■ Action item: Transcribe these records exactly, dropping every picture.

■ Provided entries:
• • • • • • •

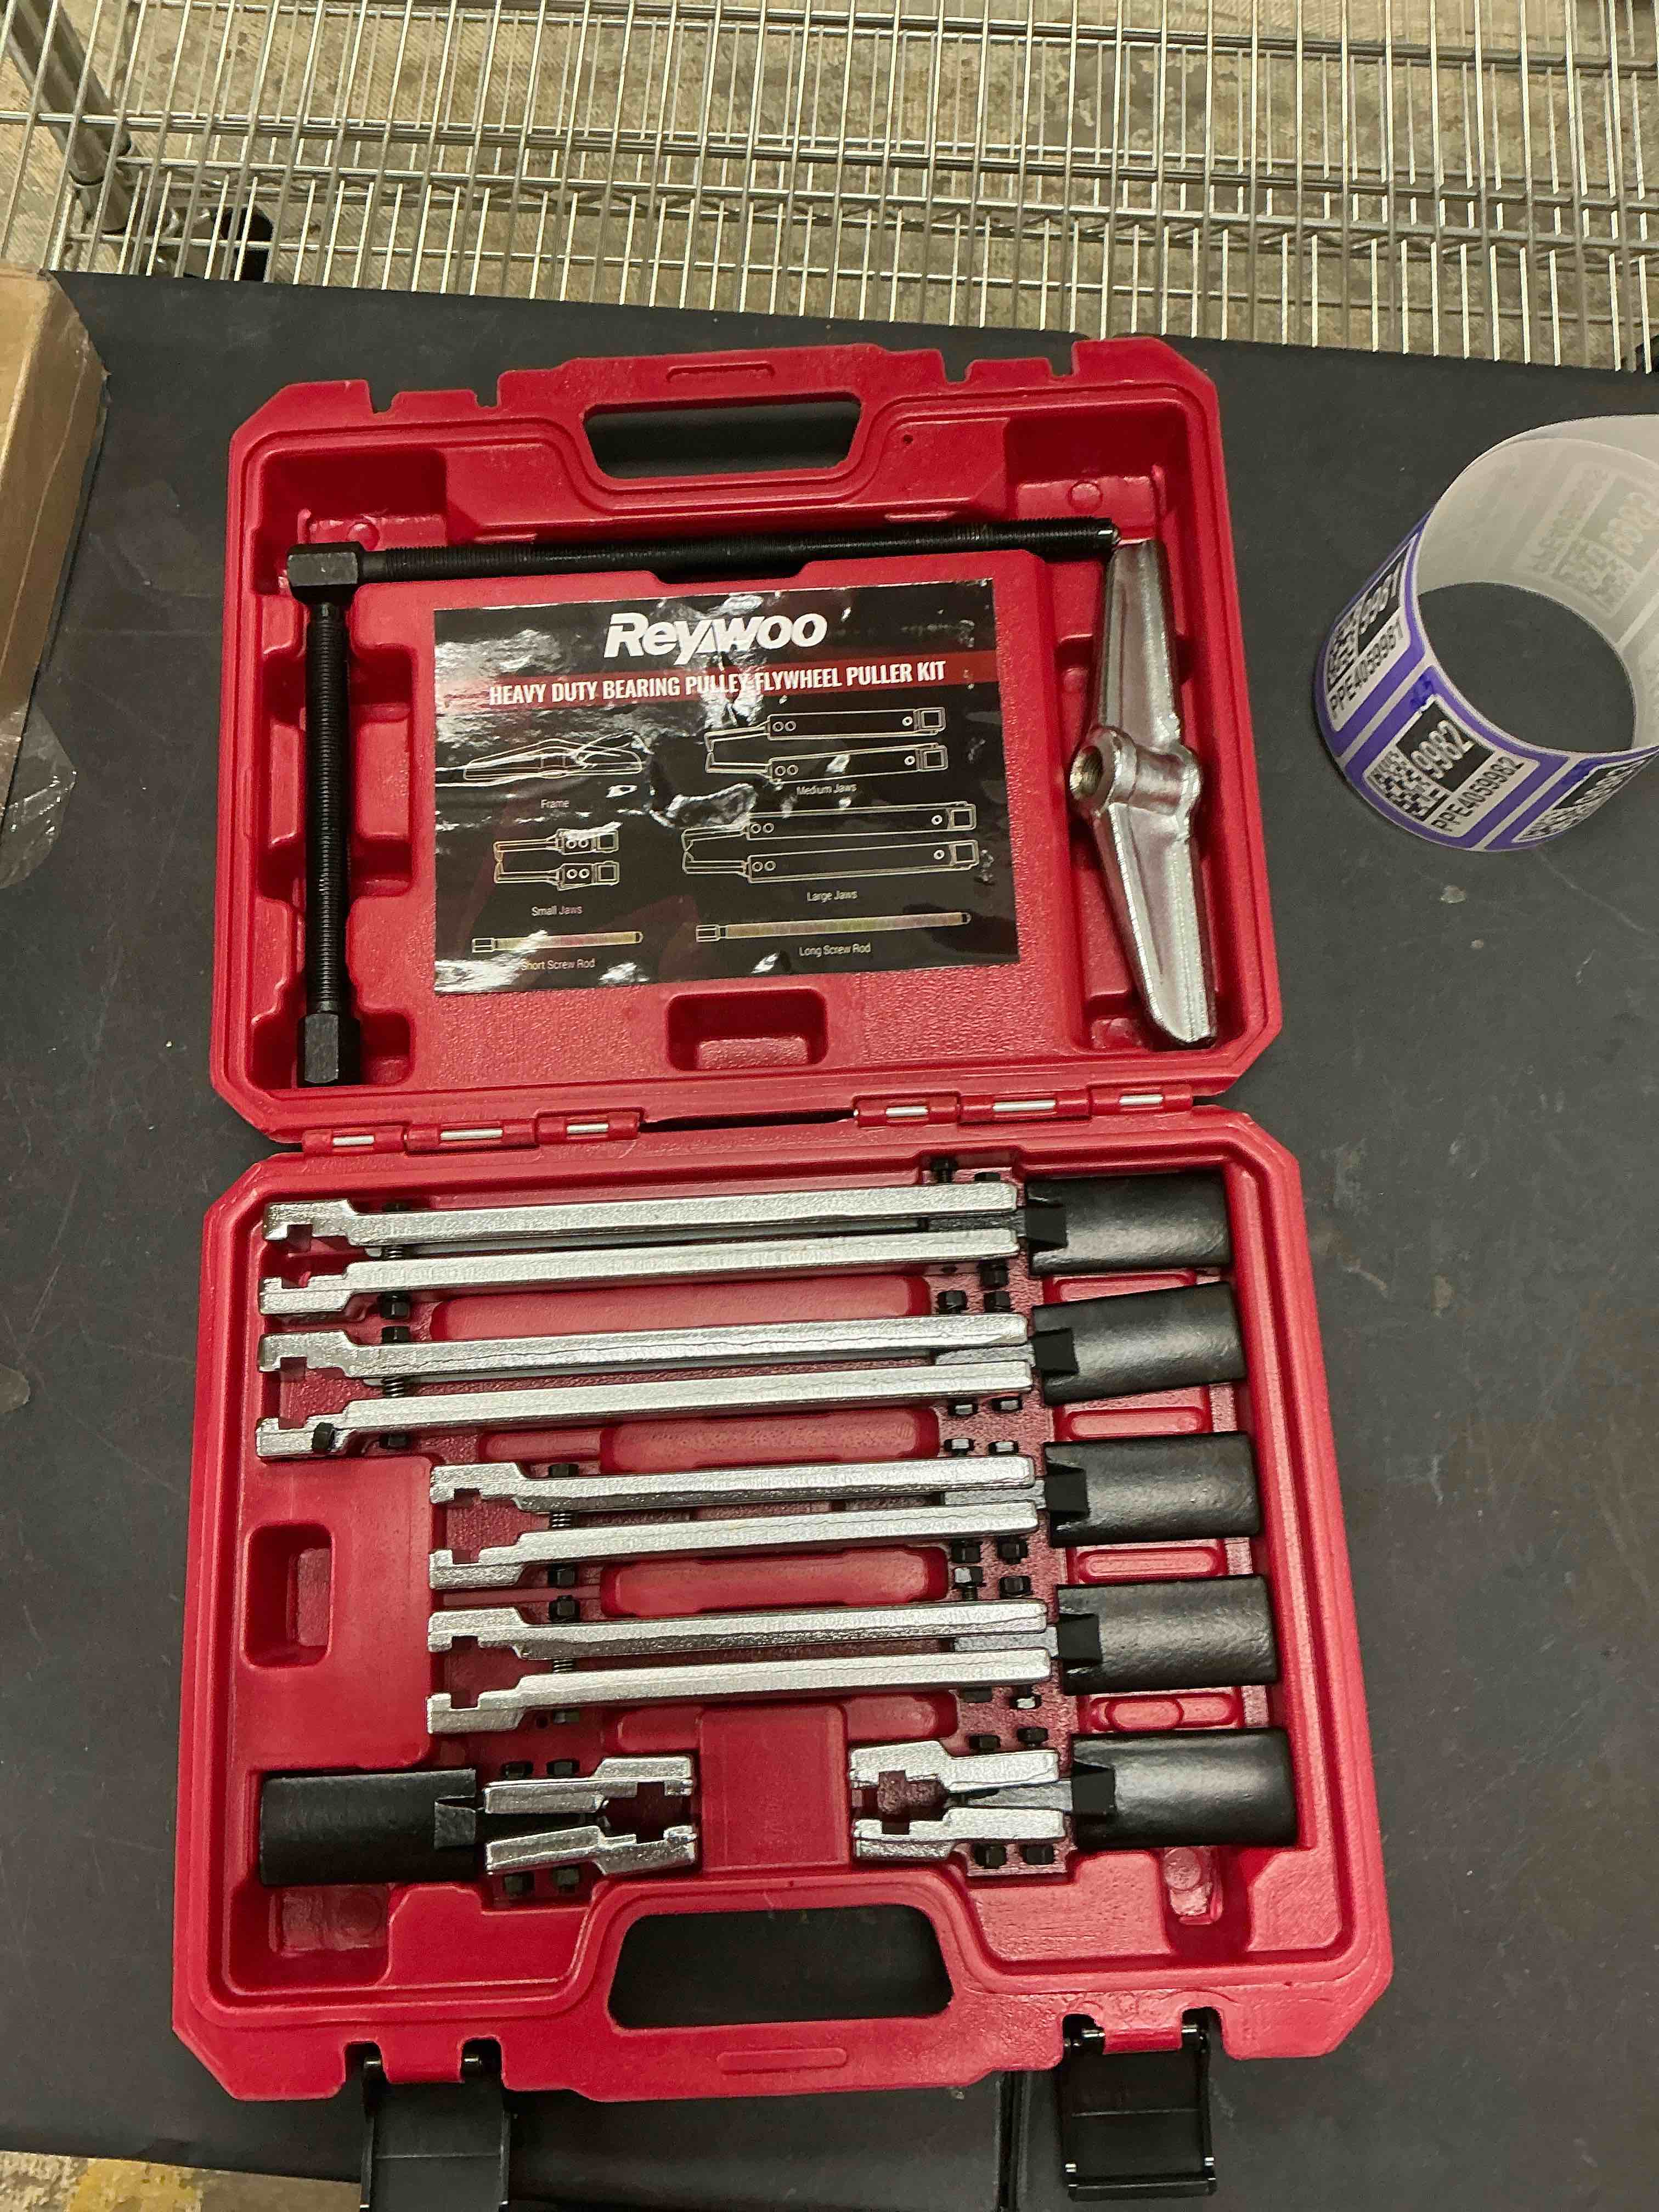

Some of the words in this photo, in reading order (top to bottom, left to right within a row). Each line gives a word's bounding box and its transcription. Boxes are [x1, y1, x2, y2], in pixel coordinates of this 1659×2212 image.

[603, 612, 828, 665] Reywoo
[489, 684, 546, 706] HEAVY
[551, 680, 599, 703] DUTY
[602, 676, 681, 700] BEARING
[846, 663, 912, 686] PULLER
[917, 661, 946, 682] KIT
[1410, 720, 1477, 780] 9982
[1431, 756, 1525, 832] PPE4059982
[540, 799, 571, 809] Frame
[806, 892, 833, 903] Large
[833, 890, 858, 900] Jaws
[531, 905, 557, 917] Small
[558, 905, 583, 915] Jaws
[799, 946, 822, 958] Long
[823, 944, 851, 955] Screw
[852, 942, 871, 953] Rod
[547, 960, 575, 970] Screw
[576, 958, 596, 969] Rod

• • • • • • •

■ Solution to the problem:
Some of the words in this photo, in reading order (top to bottom, left to right within a row). Each line gives a word's bounding box and its transcription. Boxes are [x1, y1, x2, y2], in pixel coordinates of this 1659×2212 image.

[603, 612, 828, 665] Reywoo
[489, 684, 546, 706] HEAVY
[551, 680, 599, 703] DUTY
[602, 676, 681, 700] BEARING
[846, 663, 912, 686] PULLER
[917, 661, 946, 682] KIT
[1410, 720, 1477, 780] 9982
[1431, 756, 1525, 832] PPE4059982
[540, 799, 571, 809] Frame
[806, 892, 833, 903] Large
[833, 890, 858, 900] Jaws
[531, 905, 557, 917] Small
[558, 905, 583, 915] Jaws
[799, 946, 822, 958] Long
[823, 944, 851, 955] Screw
[852, 942, 871, 953] Rod
[547, 960, 575, 970] Screw
[576, 958, 596, 969] Rod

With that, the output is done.